» **The task**: In the copy, keep every word of the data below and none of its pictures.

» **The input**:
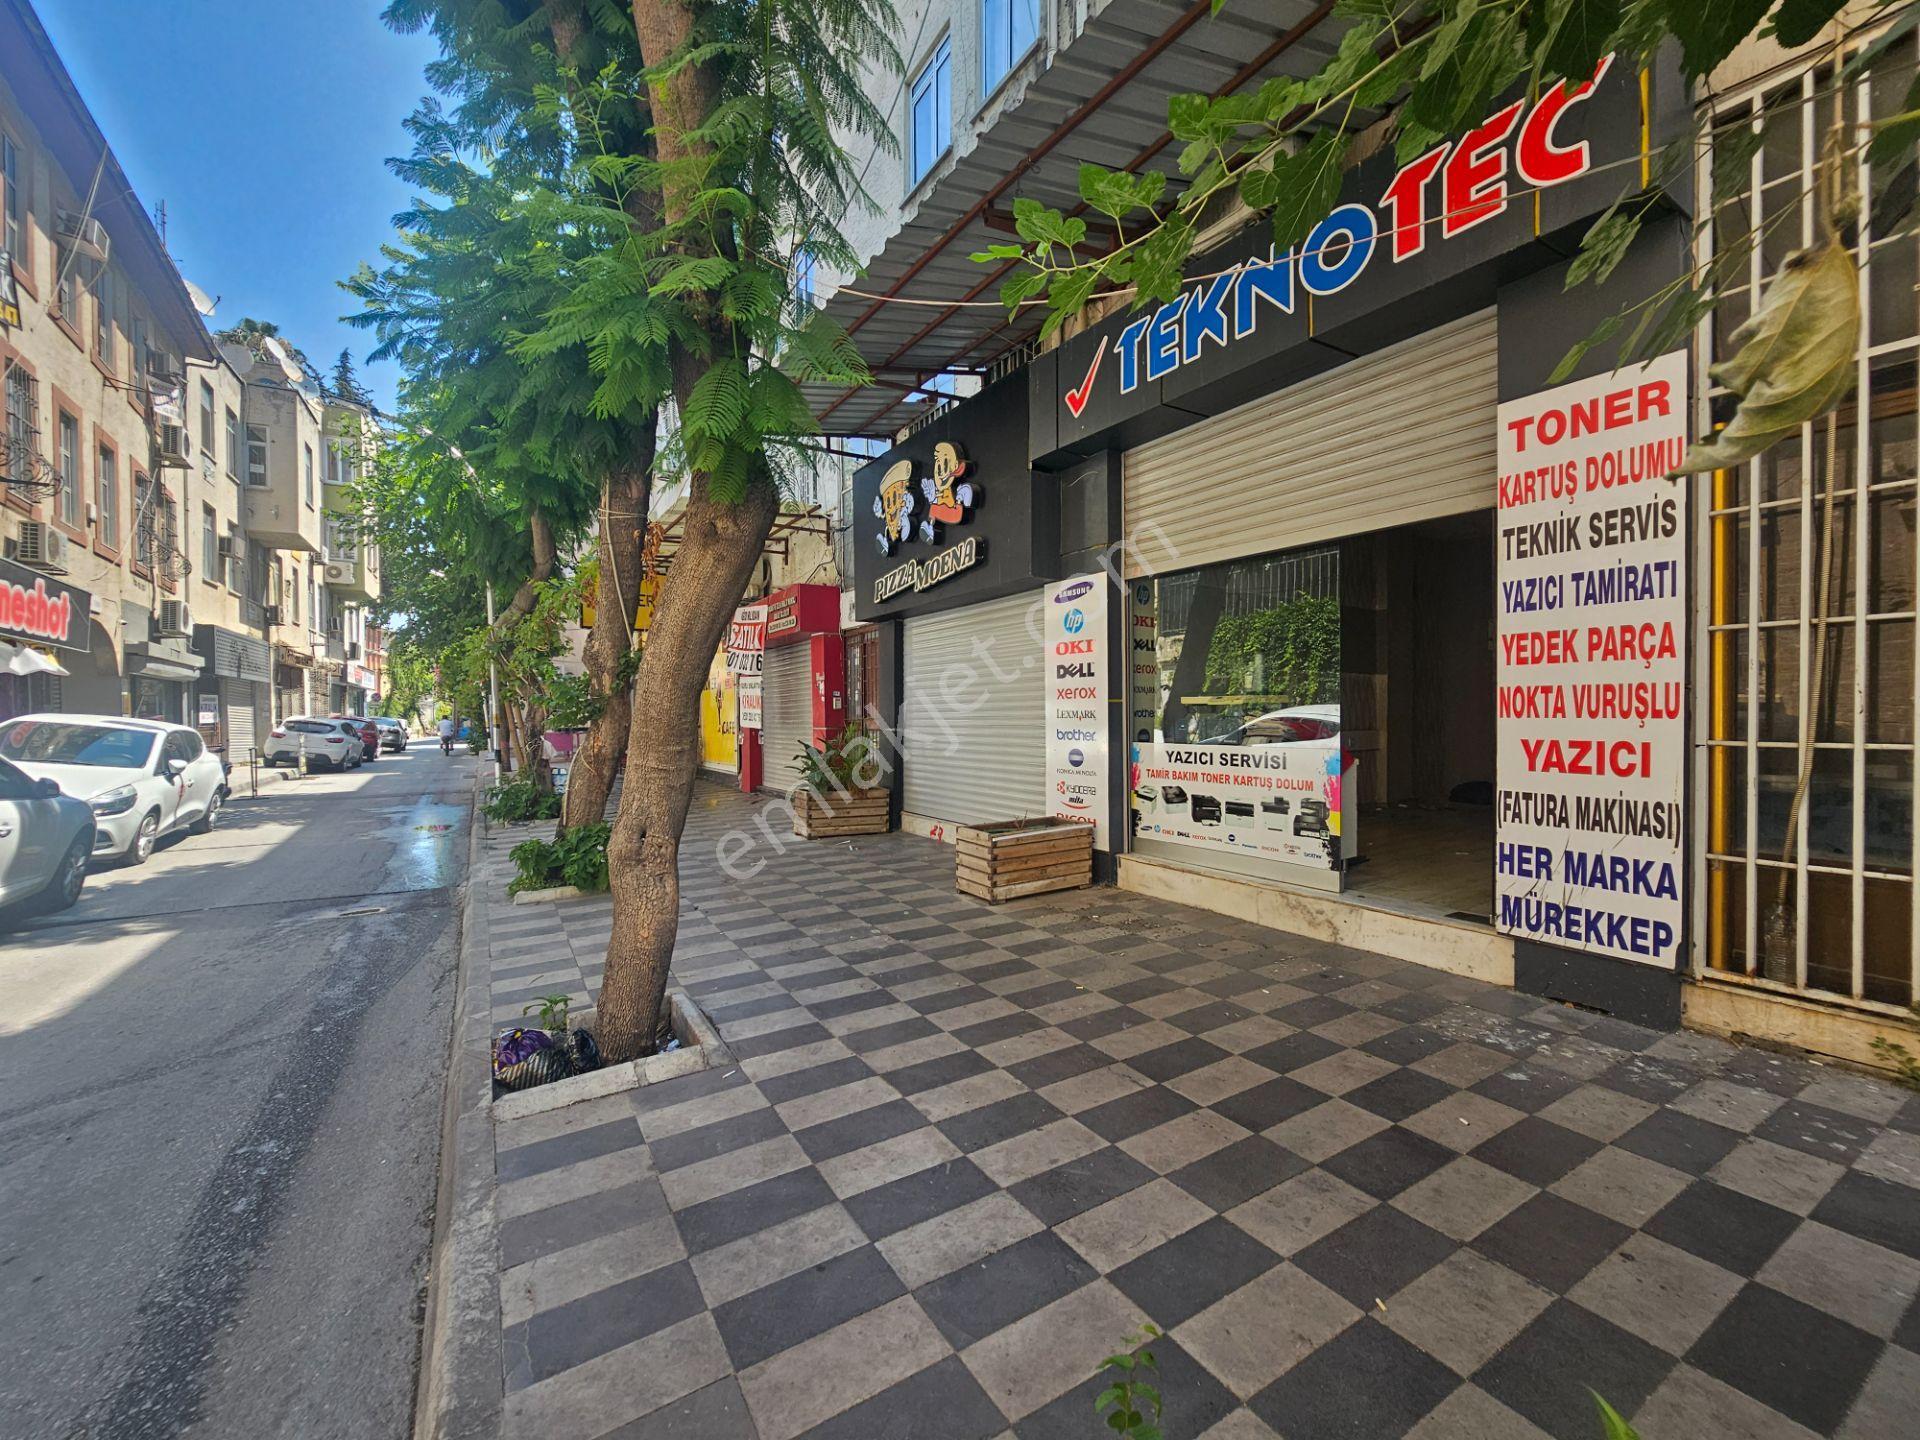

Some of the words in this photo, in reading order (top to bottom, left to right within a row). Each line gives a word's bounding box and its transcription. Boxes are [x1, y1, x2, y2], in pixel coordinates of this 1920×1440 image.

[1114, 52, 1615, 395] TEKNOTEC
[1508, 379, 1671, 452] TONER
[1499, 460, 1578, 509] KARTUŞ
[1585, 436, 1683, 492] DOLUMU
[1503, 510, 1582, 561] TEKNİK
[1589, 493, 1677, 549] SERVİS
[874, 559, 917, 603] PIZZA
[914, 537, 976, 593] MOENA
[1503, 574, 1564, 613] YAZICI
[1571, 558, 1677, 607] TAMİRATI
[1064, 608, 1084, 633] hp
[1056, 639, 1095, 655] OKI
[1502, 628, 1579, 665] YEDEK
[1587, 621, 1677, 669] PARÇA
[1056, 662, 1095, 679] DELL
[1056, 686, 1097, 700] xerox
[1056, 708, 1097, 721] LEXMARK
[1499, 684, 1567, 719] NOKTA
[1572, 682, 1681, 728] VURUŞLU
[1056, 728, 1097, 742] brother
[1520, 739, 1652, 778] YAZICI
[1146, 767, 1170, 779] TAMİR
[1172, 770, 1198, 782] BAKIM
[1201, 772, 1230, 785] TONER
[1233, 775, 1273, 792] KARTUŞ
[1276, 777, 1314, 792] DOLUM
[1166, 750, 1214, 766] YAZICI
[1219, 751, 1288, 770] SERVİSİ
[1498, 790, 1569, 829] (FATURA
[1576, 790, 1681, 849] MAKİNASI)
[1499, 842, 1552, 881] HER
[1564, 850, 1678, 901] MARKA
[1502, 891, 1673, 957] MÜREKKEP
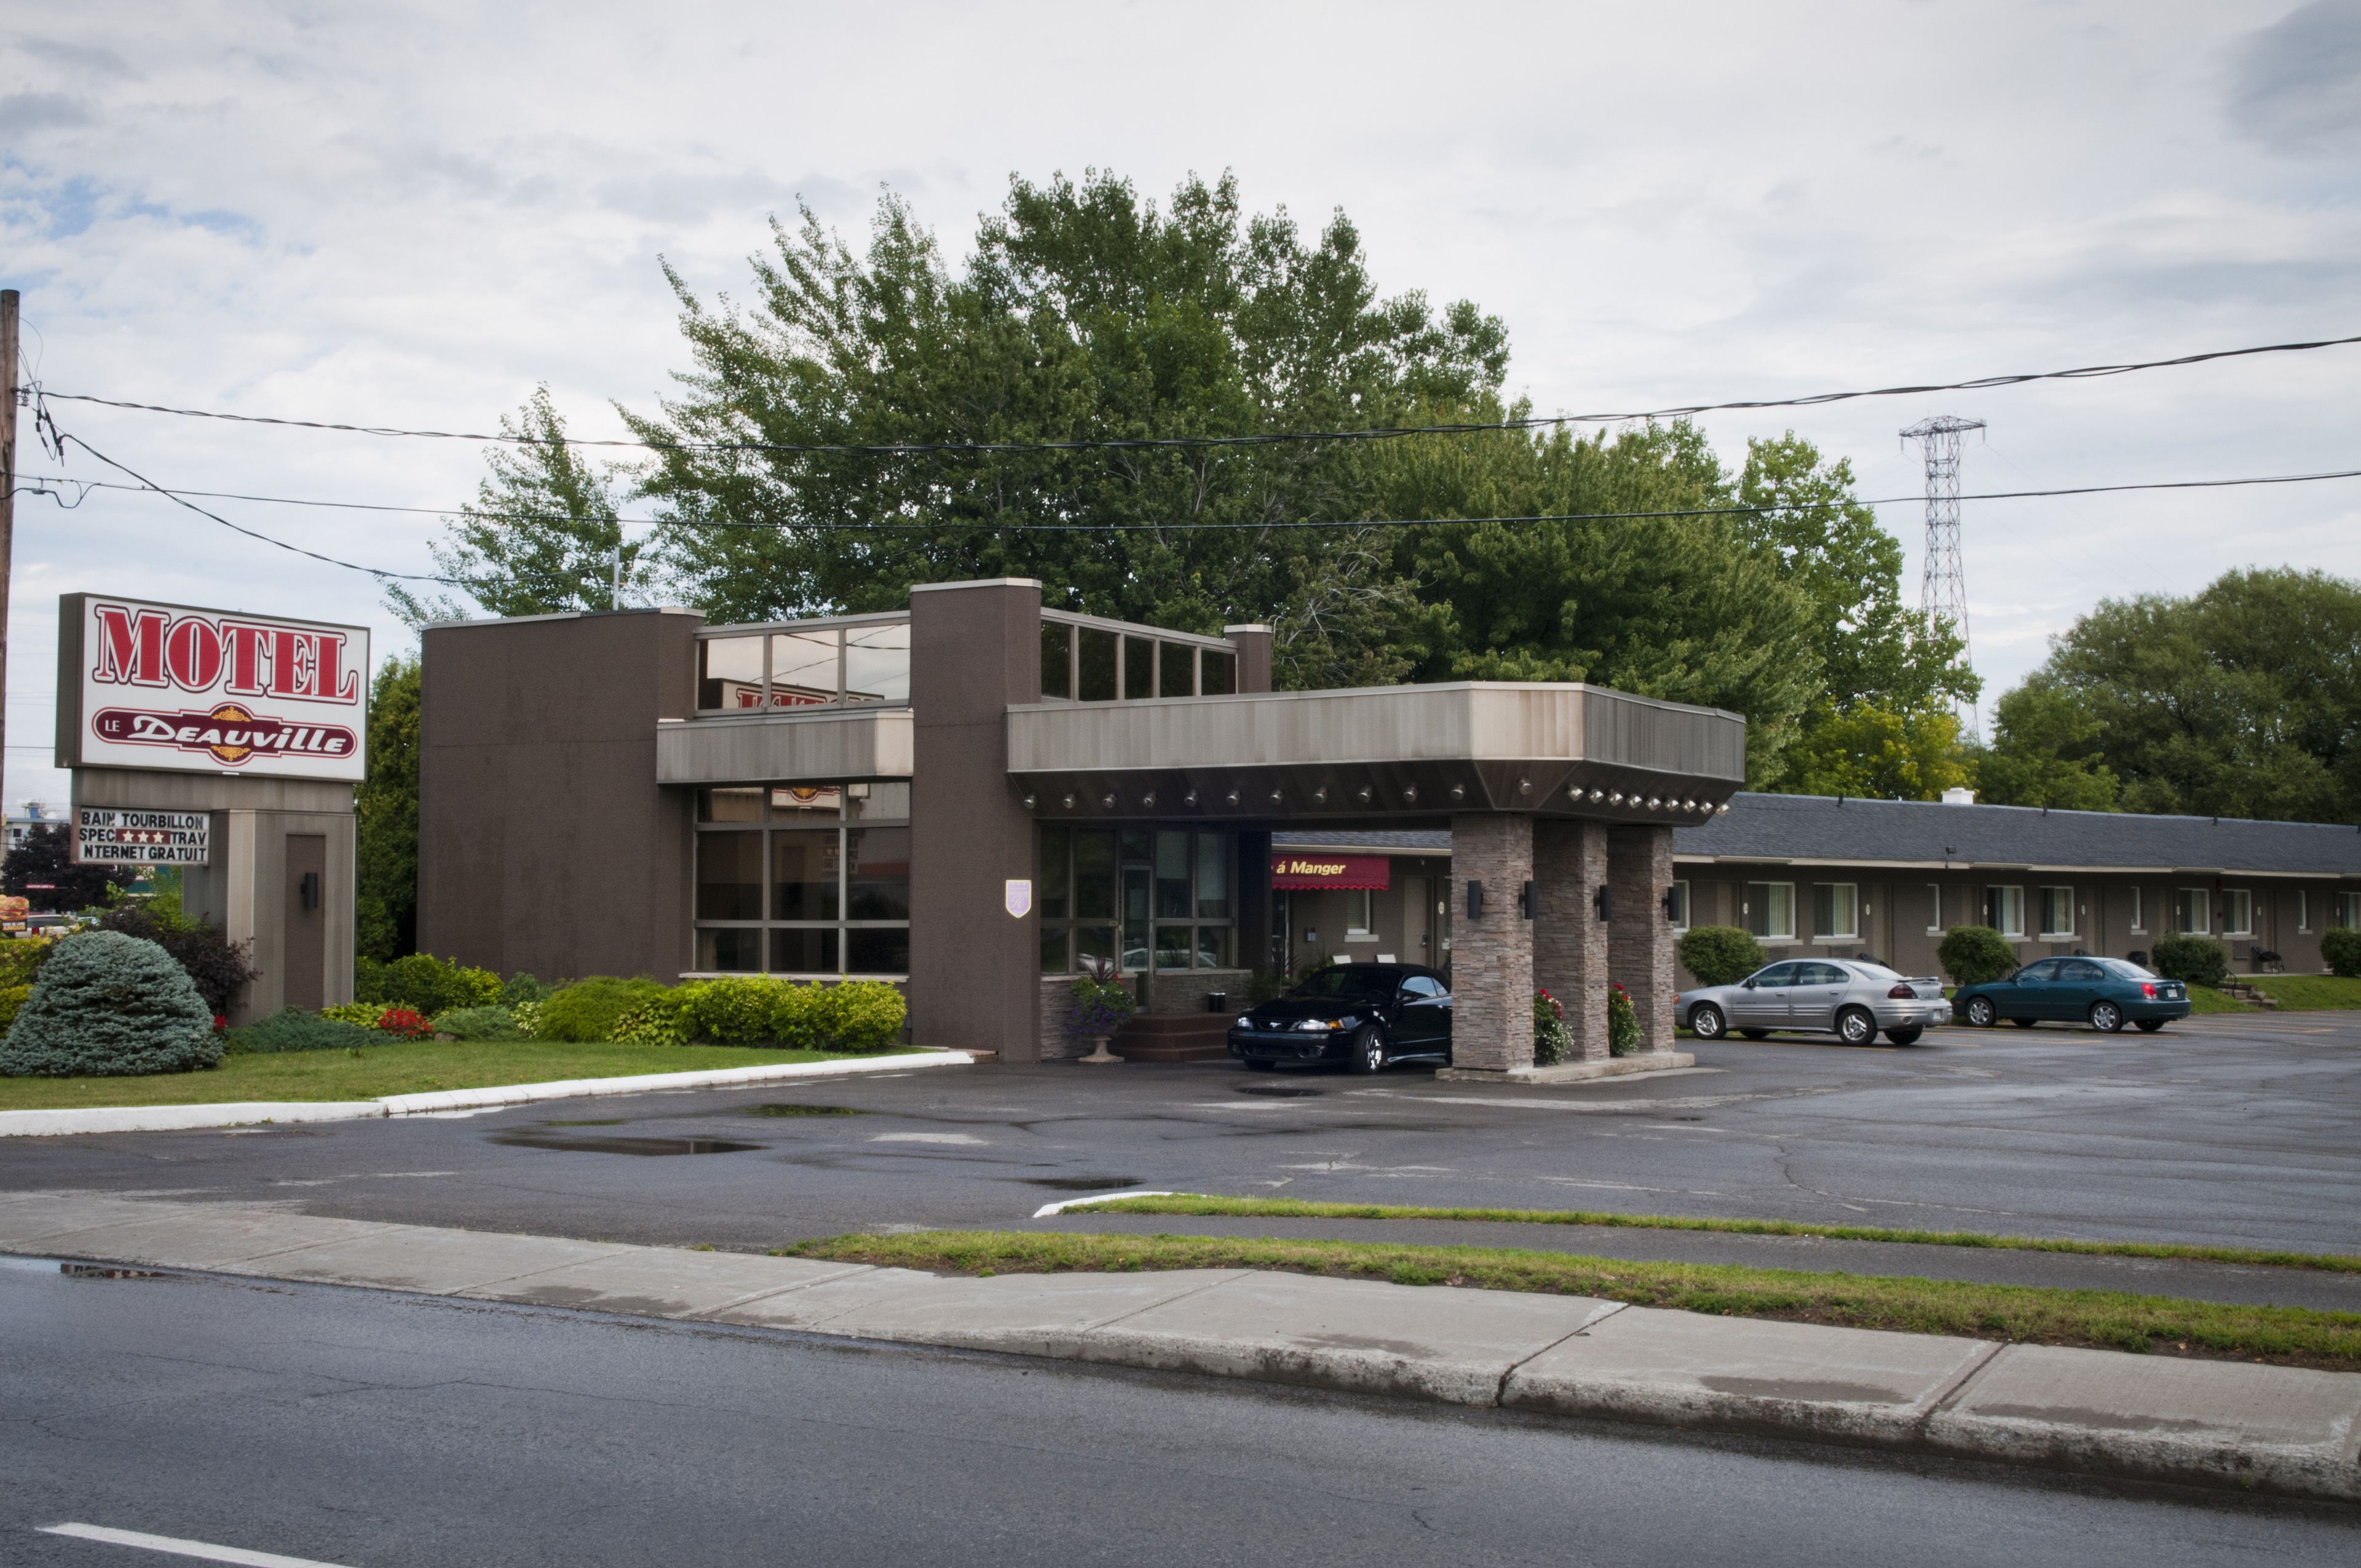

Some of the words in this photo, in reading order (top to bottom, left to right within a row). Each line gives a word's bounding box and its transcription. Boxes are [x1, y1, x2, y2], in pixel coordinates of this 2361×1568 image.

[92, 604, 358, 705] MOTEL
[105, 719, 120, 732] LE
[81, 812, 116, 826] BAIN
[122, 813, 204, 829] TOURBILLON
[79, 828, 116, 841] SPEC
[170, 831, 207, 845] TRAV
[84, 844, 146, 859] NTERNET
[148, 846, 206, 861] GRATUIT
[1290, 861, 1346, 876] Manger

» **Task response**:
Some of the words in this photo, in reading order (top to bottom, left to right within a row). Each line gives a word's bounding box and its transcription. Boxes are [x1, y1, x2, y2], in pixel coordinates of this 1920×1440 image.

[1114, 52, 1615, 395] TEKNOTEC
[1508, 379, 1671, 452] TONER
[1499, 460, 1578, 509] KARTUŞ
[1585, 436, 1683, 492] DOLUMU
[1503, 510, 1582, 561] TEKNİK
[1589, 493, 1677, 549] SERVİS
[874, 559, 917, 603] PIZZA
[914, 537, 976, 593] MOENA
[1503, 574, 1564, 613] YAZICI
[1571, 558, 1677, 607] TAMİRATI
[1064, 608, 1084, 633] hp
[1056, 639, 1095, 655] OKI
[1502, 628, 1579, 665] YEDEK
[1587, 621, 1677, 669] PARÇA
[1056, 662, 1095, 679] DELL
[1056, 686, 1097, 700] xerox
[1056, 708, 1097, 721] LEXMARK
[1499, 684, 1567, 719] NOKTA
[1572, 682, 1681, 728] VURUŞLU
[1056, 728, 1097, 742] brother
[1520, 739, 1652, 778] YAZICI
[1146, 767, 1170, 779] TAMİR
[1172, 770, 1198, 782] BAKIM
[1201, 772, 1230, 785] TONER
[1233, 775, 1273, 792] KARTUŞ
[1276, 777, 1314, 792] DOLUM
[1166, 750, 1214, 766] YAZICI
[1219, 751, 1288, 770] SERVİSİ
[1498, 790, 1569, 829] (FATURA
[1576, 790, 1681, 849] MAKİNASI)
[1499, 842, 1552, 881] HER
[1564, 850, 1678, 901] MARKA
[1502, 891, 1673, 957] MÜREKKEP

Some of the words in this photo, in reading order (top to bottom, left to right within a row). Each line gives a word's bounding box and its transcription. Boxes are [x1, y1, x2, y2], in pixel coordinates of this 2361×1568 image.

[92, 604, 358, 705] MOTEL
[105, 719, 120, 732] LE
[81, 812, 116, 826] BAIN
[122, 813, 204, 829] TOURBILLON
[79, 828, 116, 841] SPEC
[170, 831, 207, 845] TRAV
[84, 844, 146, 859] NTERNET
[148, 846, 206, 861] GRATUIT
[1290, 861, 1346, 876] Manger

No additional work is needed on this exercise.